Postby DAWN » Fri Aug 31, 2012 1:08 am

I don't understand when peoples, and buddhist peoples to, said that science is somethink 'bad' or have 'wrong view', it's dosnt like that.
Science study dhammas, but by other side like we do, and calls the fenomenas by others words, but the fenomenas, the mehanizms, still the same.

We use metaphors to discribe dhamma interactions
They use mathematics formulas to discribe the same dhamma interactions

Buddhism is a quantum physic in practice, we use the sames quantum mecanisms in our practice, but The Buddha talks about it 2500 ago, and studying dhammas by external way (like the science) have some limites, whereas mind has not that kind of limits, so we can study dhammas more effectively, right here and now.

Science and Buddha Dhamma is not enemy teachings, it's complementary teachings. The problem of science is that it dont makes moral conclusions.
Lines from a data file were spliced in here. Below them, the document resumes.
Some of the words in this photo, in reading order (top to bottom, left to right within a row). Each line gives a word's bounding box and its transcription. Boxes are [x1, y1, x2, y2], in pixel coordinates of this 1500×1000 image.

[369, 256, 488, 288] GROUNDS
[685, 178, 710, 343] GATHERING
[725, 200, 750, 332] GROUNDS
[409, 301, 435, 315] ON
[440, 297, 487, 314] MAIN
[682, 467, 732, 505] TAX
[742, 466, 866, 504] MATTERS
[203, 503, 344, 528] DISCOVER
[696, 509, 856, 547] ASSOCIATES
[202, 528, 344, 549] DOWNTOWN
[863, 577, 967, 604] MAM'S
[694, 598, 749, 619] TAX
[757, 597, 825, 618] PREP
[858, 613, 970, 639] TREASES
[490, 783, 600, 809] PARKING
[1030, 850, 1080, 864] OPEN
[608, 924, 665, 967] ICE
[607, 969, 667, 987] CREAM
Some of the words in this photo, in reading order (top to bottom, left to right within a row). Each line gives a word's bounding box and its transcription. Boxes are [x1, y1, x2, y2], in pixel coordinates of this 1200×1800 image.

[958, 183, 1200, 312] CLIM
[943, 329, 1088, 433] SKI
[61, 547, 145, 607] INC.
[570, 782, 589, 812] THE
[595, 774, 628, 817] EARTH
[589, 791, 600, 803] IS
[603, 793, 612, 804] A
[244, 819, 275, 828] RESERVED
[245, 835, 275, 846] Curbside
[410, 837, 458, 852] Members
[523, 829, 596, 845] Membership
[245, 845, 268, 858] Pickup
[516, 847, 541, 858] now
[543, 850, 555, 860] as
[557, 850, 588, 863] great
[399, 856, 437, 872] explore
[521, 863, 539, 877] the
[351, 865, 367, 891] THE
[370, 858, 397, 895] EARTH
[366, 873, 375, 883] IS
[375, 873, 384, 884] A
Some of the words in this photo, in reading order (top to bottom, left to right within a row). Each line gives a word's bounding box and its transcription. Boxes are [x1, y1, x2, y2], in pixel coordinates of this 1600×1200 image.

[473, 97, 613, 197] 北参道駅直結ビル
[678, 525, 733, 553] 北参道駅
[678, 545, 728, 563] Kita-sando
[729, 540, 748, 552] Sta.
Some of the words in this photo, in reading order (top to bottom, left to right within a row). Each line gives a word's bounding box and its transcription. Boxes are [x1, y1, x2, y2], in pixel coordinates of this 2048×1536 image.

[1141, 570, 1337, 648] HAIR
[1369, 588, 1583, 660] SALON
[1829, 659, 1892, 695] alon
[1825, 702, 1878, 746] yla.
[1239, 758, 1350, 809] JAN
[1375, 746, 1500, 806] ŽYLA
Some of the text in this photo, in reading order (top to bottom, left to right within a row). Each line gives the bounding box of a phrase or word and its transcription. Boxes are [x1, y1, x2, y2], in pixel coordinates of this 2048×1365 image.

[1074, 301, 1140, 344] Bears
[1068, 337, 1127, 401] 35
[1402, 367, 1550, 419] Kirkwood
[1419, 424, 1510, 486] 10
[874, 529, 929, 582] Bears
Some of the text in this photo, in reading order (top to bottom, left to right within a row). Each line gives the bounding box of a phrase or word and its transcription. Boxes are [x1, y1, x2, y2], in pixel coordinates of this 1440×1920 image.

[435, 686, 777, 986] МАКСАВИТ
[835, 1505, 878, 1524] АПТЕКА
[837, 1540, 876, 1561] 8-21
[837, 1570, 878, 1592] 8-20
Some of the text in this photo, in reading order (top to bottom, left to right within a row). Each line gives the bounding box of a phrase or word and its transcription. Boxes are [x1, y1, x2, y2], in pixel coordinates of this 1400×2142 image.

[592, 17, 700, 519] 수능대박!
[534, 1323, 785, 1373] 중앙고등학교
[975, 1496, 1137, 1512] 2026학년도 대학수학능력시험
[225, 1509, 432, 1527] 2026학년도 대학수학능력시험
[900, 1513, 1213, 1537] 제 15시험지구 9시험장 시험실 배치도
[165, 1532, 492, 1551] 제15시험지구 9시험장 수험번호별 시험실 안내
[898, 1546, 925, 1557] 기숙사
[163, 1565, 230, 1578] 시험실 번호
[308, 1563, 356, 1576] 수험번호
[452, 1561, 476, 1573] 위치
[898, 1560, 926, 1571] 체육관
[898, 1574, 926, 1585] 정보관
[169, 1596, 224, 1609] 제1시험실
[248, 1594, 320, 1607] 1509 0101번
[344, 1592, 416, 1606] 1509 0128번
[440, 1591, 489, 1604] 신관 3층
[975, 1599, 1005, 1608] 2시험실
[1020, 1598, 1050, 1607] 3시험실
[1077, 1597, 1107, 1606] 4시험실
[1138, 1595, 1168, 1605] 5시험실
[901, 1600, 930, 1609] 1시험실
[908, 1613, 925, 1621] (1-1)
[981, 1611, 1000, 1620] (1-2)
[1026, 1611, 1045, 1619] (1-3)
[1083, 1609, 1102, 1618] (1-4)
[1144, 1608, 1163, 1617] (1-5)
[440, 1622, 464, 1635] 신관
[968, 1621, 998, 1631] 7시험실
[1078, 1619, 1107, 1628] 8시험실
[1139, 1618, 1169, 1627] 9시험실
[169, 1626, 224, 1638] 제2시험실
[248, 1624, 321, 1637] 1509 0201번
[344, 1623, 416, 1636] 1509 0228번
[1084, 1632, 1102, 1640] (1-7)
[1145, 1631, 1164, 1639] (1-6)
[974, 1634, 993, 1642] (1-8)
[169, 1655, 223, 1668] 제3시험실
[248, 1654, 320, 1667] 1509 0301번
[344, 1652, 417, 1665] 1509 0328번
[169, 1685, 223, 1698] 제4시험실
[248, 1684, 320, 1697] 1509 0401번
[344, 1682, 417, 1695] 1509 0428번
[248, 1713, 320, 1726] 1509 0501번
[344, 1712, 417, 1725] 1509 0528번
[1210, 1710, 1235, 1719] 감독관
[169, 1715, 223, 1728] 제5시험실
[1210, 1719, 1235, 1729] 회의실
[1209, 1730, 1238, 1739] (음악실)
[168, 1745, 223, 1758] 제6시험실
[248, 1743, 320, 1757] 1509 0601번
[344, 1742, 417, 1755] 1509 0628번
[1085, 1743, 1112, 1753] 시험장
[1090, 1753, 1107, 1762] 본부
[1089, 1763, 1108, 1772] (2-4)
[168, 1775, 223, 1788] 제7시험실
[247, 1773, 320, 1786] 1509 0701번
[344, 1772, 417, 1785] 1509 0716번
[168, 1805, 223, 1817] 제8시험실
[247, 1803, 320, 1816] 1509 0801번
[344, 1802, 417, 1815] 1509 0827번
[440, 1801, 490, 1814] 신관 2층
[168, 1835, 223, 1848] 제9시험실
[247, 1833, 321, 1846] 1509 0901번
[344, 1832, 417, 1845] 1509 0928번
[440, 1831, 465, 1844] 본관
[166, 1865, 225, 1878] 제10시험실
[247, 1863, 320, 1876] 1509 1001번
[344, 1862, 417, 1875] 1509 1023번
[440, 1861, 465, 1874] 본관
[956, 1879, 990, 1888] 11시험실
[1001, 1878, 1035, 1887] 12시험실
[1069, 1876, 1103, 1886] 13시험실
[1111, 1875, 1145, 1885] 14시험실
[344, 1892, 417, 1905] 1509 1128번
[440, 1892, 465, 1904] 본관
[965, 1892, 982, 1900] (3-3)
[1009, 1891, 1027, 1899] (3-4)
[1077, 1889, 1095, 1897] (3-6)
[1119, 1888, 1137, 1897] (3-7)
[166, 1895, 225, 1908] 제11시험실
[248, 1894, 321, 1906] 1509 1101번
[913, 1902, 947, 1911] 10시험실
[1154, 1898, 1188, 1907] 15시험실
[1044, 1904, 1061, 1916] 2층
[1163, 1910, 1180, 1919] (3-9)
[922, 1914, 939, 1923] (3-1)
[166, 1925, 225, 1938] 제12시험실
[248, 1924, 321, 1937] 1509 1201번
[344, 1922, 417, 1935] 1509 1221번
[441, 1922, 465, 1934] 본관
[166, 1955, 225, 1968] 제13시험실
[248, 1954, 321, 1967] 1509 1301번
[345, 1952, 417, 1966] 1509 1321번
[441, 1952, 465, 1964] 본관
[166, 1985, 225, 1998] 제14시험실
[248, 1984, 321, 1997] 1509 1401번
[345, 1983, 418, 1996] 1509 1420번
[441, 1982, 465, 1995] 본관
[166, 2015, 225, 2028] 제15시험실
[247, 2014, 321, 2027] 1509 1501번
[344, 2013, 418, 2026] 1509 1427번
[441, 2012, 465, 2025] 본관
PS Before meeting Buddha Dhamma, I trying to study and understand quantum physic and quantum interactions, but i don't understand what it's can bring in our lives of living beings, and fortunatly i meet Dhamma, and understood how we can do that, how we can live The Right life, 'right' means 'in agreement with the law that lead all phenomenas', in agreement with The Dhamma.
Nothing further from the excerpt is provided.